[Data records]
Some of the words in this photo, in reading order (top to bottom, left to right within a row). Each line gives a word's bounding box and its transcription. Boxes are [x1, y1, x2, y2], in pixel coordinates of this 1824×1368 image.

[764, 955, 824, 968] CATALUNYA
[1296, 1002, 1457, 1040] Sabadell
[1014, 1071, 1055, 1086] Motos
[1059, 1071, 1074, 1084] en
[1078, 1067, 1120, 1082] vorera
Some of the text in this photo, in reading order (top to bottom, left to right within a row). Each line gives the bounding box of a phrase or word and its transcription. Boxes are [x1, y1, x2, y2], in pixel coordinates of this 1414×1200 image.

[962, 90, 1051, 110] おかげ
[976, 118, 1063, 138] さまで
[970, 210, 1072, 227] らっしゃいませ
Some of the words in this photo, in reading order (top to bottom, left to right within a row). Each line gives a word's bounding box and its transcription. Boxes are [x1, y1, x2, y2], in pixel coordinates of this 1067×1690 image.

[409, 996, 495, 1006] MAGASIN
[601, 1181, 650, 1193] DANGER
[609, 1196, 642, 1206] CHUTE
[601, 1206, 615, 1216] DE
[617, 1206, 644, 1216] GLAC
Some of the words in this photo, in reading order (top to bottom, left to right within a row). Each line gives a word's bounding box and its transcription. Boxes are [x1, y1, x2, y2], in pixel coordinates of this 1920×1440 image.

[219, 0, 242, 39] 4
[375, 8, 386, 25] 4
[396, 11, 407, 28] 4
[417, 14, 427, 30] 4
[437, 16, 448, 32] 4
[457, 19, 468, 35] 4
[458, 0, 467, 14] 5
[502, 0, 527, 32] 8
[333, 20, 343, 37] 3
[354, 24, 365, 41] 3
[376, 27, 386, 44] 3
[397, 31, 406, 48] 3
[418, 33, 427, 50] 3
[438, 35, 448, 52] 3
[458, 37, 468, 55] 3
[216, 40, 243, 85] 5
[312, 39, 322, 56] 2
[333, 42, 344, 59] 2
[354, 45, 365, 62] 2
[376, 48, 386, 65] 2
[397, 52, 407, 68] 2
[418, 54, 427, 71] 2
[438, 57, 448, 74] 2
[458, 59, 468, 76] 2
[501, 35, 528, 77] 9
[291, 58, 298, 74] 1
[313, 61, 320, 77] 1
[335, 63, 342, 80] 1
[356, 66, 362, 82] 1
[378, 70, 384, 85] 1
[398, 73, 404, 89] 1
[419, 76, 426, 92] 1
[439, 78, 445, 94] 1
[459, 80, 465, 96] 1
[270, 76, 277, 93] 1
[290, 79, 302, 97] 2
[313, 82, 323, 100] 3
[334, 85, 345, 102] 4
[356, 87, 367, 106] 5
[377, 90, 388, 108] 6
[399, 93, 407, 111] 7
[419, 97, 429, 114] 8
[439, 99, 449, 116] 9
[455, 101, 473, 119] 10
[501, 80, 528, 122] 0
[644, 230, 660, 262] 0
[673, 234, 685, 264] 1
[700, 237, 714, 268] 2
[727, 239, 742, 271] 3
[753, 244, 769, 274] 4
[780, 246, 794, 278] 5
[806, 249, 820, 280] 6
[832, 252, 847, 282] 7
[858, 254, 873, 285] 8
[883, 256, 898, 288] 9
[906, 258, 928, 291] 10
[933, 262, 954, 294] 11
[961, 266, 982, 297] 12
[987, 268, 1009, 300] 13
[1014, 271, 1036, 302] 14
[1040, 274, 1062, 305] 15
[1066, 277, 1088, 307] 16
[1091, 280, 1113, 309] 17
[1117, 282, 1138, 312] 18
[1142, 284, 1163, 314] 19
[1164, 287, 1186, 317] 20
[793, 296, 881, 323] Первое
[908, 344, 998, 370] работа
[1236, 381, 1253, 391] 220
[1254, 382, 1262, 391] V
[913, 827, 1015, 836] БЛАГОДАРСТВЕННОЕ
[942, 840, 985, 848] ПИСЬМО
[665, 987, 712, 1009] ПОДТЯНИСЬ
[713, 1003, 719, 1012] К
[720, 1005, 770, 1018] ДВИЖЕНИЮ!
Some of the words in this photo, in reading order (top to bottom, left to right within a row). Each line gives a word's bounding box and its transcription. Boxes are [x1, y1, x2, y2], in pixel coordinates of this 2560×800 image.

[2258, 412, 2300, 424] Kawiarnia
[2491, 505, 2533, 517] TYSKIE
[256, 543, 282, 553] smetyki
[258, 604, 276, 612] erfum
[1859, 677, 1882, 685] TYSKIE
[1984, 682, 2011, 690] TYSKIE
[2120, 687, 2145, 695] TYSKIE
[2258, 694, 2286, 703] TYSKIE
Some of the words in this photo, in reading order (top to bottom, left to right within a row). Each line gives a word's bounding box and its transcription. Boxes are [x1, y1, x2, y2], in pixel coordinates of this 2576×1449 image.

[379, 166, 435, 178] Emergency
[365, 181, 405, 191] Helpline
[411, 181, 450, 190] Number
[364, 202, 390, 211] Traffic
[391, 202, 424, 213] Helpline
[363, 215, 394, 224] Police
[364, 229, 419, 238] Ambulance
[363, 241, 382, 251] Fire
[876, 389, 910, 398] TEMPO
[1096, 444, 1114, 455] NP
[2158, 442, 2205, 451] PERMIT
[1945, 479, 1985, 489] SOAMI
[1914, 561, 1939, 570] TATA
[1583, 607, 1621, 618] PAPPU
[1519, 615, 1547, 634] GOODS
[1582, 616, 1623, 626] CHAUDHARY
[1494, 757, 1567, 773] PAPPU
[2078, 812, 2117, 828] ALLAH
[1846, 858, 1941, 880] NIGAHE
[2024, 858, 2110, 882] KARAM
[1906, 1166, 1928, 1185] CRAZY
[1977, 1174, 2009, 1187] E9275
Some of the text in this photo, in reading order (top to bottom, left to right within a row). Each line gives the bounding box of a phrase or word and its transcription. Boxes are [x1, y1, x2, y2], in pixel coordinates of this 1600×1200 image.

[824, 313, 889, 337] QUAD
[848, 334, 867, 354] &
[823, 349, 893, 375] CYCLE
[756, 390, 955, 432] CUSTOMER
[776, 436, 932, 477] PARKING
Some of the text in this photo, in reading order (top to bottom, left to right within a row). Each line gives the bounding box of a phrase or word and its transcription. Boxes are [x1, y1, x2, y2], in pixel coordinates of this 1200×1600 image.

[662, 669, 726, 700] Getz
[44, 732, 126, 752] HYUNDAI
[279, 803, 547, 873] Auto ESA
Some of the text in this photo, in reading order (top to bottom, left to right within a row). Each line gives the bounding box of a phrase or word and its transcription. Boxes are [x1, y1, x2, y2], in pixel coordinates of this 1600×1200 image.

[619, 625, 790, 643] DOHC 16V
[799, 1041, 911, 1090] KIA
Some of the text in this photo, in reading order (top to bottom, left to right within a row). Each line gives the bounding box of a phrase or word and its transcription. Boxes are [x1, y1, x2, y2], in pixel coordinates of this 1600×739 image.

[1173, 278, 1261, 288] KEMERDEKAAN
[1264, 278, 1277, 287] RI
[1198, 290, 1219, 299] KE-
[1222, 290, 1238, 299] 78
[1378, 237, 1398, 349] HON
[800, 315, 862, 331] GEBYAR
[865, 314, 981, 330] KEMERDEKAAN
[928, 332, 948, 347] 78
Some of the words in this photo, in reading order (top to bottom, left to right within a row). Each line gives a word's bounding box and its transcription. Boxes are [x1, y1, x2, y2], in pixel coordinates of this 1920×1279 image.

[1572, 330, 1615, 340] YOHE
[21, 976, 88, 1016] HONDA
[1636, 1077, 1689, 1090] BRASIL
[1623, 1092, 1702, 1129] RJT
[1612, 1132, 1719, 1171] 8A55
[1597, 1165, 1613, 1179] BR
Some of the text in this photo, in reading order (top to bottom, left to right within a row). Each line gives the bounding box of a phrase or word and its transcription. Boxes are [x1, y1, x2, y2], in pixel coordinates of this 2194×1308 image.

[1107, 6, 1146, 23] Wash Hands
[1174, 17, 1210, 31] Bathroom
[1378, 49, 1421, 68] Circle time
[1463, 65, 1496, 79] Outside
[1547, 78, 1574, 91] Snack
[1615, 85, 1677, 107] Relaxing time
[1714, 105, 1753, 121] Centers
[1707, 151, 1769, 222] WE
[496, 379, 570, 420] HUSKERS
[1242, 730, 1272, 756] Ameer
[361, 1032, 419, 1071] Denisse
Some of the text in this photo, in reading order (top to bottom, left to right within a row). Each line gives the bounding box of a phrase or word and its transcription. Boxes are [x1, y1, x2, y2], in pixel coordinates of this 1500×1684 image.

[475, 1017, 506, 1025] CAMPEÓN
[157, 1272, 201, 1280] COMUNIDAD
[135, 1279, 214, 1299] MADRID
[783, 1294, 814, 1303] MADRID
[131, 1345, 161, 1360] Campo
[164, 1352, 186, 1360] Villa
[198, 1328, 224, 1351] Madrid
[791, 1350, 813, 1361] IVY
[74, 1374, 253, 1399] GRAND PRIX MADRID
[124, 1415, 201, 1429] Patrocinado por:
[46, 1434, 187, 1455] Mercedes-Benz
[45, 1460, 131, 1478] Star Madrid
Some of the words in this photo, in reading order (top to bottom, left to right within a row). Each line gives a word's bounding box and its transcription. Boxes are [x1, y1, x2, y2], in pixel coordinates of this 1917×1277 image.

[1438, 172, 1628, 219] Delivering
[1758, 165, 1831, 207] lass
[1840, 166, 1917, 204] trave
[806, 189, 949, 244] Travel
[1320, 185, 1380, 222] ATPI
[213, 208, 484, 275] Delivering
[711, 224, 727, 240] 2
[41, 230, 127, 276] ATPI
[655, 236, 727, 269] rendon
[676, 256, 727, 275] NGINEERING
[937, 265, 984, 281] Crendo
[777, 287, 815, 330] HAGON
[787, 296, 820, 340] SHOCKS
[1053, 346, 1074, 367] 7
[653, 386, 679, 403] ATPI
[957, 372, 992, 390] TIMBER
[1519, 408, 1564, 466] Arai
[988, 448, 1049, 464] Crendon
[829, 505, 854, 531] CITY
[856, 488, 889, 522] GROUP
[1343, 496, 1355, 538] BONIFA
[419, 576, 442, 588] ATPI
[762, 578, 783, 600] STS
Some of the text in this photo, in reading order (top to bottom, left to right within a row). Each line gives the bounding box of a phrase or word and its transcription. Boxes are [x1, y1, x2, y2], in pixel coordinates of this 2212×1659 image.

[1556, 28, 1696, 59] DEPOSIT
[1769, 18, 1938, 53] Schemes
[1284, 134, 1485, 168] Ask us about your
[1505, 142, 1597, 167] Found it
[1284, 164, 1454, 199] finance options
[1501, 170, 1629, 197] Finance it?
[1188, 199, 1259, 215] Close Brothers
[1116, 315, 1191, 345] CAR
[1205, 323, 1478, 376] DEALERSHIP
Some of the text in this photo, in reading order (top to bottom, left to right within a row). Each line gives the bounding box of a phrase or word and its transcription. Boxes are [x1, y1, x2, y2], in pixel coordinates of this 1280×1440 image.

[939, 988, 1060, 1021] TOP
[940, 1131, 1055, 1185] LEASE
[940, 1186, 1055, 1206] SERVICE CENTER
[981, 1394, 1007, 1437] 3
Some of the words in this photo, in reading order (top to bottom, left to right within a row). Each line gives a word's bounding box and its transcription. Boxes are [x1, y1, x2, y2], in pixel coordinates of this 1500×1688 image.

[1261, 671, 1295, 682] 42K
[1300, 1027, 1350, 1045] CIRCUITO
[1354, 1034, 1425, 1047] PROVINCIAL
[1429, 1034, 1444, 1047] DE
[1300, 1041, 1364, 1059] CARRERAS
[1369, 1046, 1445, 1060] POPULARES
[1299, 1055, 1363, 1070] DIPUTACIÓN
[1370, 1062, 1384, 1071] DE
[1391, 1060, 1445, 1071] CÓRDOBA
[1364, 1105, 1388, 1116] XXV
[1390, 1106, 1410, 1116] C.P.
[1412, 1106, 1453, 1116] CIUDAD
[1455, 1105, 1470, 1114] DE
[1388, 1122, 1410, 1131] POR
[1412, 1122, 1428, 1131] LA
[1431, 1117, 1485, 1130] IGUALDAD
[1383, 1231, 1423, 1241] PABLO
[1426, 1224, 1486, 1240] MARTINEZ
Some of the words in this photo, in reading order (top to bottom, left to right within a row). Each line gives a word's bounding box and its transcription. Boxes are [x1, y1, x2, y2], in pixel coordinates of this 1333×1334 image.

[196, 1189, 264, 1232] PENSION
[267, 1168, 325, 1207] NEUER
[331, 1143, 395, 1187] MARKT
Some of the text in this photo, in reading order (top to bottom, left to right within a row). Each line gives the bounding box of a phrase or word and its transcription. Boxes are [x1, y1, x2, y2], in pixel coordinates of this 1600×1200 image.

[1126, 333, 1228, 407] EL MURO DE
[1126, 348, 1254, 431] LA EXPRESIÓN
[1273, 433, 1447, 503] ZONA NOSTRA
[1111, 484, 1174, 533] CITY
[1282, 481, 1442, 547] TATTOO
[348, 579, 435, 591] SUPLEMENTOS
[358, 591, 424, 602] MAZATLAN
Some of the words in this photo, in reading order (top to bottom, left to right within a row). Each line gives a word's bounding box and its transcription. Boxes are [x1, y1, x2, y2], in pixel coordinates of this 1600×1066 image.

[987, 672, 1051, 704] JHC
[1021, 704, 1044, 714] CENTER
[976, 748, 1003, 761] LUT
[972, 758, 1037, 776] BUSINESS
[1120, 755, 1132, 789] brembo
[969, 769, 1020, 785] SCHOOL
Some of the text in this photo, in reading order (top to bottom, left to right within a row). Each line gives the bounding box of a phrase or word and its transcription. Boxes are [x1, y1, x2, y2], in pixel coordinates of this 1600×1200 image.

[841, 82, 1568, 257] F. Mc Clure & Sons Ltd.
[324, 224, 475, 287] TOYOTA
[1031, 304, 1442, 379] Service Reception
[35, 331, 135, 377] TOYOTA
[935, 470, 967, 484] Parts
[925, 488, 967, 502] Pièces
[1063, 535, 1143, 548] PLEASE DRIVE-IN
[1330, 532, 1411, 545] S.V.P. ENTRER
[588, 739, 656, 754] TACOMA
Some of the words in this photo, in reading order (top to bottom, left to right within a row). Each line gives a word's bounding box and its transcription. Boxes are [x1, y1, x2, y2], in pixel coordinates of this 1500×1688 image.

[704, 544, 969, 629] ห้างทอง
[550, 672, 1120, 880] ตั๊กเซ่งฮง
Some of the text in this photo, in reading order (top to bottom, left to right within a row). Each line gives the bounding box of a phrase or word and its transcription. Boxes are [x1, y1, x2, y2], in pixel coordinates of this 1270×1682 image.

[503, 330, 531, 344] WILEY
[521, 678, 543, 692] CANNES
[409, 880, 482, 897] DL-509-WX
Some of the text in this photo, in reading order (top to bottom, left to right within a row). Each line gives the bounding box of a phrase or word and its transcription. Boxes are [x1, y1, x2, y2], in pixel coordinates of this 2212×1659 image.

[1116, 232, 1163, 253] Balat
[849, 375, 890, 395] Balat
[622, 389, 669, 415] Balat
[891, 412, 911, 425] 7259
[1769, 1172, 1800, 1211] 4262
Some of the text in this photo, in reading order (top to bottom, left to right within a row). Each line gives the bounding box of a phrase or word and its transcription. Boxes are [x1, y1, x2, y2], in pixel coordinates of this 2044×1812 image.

◆ **Task goal**
Reproduce without change every line of the entries above, from the one containing "this 1270×1682 image." through the last.

◆ **Solution**
Some of the text in this photo, in reading order (top to bottom, left to right within a row). Each line gives the bounding box of a phrase or word and its transcription. Boxes are [x1, y1, x2, y2], in pixel coordinates of this 1270×1682 image.

[503, 330, 531, 344] WILEY
[521, 678, 543, 692] CANNES
[409, 880, 482, 897] DL-509-WX
Some of the text in this photo, in reading order (top to bottom, left to right within a row). Each line gives the bounding box of a phrase or word and its transcription. Boxes are [x1, y1, x2, y2], in pixel coordinates of this 2212×1659 image.

[1116, 232, 1163, 253] Balat
[849, 375, 890, 395] Balat
[622, 389, 669, 415] Balat
[891, 412, 911, 425] 7259
[1769, 1172, 1800, 1211] 4262
Some of the text in this photo, in reading order (top to bottom, left to right within a row). Each line gives the bounding box of a phrase or word and its transcription. Boxes are [x1, y1, x2, y2], in pixel coordinates of this 2044×1812 image.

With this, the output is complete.